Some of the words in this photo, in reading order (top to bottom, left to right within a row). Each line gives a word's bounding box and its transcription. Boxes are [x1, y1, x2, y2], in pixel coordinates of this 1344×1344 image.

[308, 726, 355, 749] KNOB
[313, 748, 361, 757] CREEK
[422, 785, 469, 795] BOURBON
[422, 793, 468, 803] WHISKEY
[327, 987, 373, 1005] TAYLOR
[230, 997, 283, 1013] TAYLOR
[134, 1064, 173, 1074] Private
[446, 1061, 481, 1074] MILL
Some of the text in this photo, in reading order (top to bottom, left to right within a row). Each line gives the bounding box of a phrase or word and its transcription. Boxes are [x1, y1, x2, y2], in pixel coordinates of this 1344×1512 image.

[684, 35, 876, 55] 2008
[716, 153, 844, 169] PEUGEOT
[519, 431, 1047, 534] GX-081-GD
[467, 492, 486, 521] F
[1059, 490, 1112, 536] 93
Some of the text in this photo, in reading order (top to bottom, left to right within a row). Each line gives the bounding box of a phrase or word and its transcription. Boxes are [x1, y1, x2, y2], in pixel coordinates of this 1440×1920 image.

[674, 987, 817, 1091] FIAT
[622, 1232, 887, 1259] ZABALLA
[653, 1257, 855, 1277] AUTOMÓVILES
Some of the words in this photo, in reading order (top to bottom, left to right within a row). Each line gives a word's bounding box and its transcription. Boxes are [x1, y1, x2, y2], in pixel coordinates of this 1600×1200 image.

════════════════

Could you give the records again, exactly as they appear?

Some of the words in this photo, in reading order (top to bottom, left to right within a row). Each line gives a word's bounding box and its transcription. Boxes are [x1, y1, x2, y2], in pixel coordinates of this 1344×1344 image.

[308, 726, 355, 749] KNOB
[313, 748, 361, 757] CREEK
[422, 785, 469, 795] BOURBON
[422, 793, 468, 803] WHISKEY
[327, 987, 373, 1005] TAYLOR
[230, 997, 283, 1013] TAYLOR
[134, 1064, 173, 1074] Private
[446, 1061, 481, 1074] MILL
Some of the text in this photo, in reading order (top to bottom, left to right within a row). Each line gives the bounding box of a phrase or word and its transcription. Boxes are [x1, y1, x2, y2], in pixel coordinates of this 1344×1512 image.

[684, 35, 876, 55] 2008
[716, 153, 844, 169] PEUGEOT
[519, 431, 1047, 534] GX-081-GD
[467, 492, 486, 521] F
[1059, 490, 1112, 536] 93
Some of the text in this photo, in reading order (top to bottom, left to right within a row). Each line gives the bounding box of a phrase or word and its transcription. Boxes are [x1, y1, x2, y2], in pixel coordinates of this 1440×1920 image.

[674, 987, 817, 1091] FIAT
[622, 1232, 887, 1259] ZABALLA
[653, 1257, 855, 1277] AUTOMÓVILES
Some of the words in this photo, in reading order (top to bottom, left to right within a row). Each line gives a word's bounding box and its transcription. Boxes are [x1, y1, x2, y2], in pixel coordinates of this 1600×1200 image.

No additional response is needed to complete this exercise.